Exercise prompt: Write down exactly the lines of the listing below, beginning with the one containing "this 1728×1536 image." and closing with the final line.

Data extracts:
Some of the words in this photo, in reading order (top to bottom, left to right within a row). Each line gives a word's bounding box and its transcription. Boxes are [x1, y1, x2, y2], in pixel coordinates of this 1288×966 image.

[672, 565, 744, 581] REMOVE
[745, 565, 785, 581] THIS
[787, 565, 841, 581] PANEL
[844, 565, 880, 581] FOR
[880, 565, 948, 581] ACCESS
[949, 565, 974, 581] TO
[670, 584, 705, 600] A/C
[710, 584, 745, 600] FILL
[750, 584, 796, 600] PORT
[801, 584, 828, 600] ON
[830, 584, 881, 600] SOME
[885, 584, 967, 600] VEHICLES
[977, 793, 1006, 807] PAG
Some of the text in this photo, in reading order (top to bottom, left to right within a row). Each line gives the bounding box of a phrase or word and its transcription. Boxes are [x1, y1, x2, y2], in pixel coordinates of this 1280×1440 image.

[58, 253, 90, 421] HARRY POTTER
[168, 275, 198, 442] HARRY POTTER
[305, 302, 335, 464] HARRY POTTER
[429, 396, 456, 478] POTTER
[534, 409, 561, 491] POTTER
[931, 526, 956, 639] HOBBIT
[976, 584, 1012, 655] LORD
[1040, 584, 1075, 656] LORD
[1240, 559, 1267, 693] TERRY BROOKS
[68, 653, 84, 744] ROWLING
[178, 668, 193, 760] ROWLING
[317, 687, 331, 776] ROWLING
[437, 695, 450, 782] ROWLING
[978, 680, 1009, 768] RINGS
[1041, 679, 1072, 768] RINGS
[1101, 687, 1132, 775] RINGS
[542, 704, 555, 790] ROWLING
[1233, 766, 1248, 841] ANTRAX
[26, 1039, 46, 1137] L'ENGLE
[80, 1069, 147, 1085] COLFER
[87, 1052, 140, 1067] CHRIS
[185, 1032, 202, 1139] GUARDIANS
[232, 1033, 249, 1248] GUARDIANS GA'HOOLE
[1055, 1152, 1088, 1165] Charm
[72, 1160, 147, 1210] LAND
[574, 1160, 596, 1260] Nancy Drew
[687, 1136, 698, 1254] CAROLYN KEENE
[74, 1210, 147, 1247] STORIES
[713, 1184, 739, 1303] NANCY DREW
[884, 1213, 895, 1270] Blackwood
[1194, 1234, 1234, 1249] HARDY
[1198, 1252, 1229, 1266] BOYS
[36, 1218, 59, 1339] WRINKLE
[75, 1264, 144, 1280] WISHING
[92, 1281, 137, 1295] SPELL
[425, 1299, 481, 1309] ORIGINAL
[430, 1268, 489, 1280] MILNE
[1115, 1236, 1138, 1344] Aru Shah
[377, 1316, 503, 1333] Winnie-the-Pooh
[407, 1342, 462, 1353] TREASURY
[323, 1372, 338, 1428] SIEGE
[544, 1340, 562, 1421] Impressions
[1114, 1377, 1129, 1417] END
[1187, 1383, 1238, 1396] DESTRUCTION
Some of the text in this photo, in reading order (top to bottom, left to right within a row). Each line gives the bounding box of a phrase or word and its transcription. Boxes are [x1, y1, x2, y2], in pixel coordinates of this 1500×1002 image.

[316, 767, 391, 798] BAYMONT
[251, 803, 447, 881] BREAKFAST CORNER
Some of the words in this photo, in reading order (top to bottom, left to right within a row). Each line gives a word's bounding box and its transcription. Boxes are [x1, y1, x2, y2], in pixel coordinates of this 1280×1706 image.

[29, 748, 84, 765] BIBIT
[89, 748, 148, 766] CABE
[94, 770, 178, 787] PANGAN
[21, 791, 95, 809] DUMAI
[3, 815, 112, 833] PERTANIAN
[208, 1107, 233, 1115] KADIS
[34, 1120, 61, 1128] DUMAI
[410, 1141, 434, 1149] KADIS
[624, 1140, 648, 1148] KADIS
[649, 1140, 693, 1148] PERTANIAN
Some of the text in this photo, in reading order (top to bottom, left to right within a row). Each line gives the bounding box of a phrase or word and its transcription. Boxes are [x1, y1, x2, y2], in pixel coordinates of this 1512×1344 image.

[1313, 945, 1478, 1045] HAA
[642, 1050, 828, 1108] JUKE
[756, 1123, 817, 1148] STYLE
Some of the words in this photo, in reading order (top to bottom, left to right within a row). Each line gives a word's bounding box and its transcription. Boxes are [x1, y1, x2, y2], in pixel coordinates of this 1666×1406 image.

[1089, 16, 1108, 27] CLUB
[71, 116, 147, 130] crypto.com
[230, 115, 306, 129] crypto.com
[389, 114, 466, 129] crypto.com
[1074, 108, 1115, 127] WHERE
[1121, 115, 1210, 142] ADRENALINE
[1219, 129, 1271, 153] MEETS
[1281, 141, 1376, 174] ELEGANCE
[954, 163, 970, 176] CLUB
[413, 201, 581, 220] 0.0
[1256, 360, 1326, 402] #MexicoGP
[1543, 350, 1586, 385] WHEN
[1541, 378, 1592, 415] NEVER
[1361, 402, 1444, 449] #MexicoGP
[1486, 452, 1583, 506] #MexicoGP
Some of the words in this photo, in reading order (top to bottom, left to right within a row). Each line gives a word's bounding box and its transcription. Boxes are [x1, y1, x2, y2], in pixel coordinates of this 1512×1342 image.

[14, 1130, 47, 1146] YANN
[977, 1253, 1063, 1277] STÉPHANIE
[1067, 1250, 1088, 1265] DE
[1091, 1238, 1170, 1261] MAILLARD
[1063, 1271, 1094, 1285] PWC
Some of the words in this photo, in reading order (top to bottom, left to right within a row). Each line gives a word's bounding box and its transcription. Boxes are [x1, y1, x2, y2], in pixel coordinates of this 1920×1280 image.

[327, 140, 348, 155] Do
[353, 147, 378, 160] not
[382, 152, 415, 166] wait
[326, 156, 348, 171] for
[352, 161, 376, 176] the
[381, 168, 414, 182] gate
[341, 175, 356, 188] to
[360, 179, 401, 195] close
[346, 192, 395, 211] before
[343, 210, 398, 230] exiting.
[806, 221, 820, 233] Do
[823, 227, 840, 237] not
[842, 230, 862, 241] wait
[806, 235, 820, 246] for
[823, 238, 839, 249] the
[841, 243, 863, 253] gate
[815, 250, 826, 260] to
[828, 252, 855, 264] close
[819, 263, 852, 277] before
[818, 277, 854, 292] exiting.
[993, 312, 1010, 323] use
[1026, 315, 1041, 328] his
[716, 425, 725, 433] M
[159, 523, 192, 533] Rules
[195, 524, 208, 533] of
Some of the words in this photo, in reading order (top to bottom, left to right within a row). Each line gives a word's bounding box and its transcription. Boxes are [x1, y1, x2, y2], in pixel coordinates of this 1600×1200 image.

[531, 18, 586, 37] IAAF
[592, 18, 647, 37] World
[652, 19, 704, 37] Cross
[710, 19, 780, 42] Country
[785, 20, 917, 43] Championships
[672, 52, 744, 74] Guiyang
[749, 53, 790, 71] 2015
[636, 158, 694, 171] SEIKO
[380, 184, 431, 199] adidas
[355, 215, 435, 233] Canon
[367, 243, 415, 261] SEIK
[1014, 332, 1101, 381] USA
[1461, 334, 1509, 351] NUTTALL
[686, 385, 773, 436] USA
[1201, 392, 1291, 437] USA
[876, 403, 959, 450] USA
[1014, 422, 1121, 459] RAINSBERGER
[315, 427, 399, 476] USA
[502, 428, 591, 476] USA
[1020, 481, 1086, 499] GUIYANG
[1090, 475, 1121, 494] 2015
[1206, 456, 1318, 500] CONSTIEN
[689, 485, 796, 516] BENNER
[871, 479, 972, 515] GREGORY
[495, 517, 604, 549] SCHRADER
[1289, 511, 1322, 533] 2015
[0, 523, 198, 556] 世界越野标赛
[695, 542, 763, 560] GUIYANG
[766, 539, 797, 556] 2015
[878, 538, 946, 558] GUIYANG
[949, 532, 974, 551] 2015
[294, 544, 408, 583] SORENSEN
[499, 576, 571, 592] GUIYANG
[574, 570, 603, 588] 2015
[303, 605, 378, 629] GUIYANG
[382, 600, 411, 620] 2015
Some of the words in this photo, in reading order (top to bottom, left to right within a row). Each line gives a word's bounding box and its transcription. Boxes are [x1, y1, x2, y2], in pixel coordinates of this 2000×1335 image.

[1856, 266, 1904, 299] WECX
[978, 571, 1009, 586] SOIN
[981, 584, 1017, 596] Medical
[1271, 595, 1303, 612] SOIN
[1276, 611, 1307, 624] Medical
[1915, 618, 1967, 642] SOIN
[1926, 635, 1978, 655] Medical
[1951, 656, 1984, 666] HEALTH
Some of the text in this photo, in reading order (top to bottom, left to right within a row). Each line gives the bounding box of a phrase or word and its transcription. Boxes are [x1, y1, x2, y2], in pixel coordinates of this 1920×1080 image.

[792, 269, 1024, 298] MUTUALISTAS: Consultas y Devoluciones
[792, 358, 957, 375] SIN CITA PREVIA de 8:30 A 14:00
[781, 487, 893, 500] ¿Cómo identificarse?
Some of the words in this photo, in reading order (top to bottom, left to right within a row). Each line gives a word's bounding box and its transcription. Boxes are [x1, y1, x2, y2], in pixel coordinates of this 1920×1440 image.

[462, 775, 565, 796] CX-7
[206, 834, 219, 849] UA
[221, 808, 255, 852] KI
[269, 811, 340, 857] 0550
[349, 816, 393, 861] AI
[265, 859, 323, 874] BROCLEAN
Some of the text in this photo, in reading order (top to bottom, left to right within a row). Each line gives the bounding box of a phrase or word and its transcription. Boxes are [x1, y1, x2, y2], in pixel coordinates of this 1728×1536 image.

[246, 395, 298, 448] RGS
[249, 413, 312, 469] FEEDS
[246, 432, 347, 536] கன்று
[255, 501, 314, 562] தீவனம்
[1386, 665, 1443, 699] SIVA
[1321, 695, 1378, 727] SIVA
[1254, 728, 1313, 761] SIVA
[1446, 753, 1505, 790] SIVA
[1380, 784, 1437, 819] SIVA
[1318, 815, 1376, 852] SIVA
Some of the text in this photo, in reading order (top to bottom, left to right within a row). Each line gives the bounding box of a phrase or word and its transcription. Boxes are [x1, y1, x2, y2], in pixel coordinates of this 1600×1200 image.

Task output:
Some of the text in this photo, in reading order (top to bottom, left to right within a row). Each line gives the bounding box of a phrase or word and its transcription. Boxes are [x1, y1, x2, y2], in pixel coordinates of this 1728×1536 image.

[246, 395, 298, 448] RGS
[249, 413, 312, 469] FEEDS
[246, 432, 347, 536] கன்று
[255, 501, 314, 562] தீவனம்
[1386, 665, 1443, 699] SIVA
[1321, 695, 1378, 727] SIVA
[1254, 728, 1313, 761] SIVA
[1446, 753, 1505, 790] SIVA
[1380, 784, 1437, 819] SIVA
[1318, 815, 1376, 852] SIVA
Some of the text in this photo, in reading order (top to bottom, left to right within a row). Each line gives the bounding box of a phrase or word and its transcription. Boxes are [x1, y1, x2, y2], in pixel coordinates of this 1600×1200 image.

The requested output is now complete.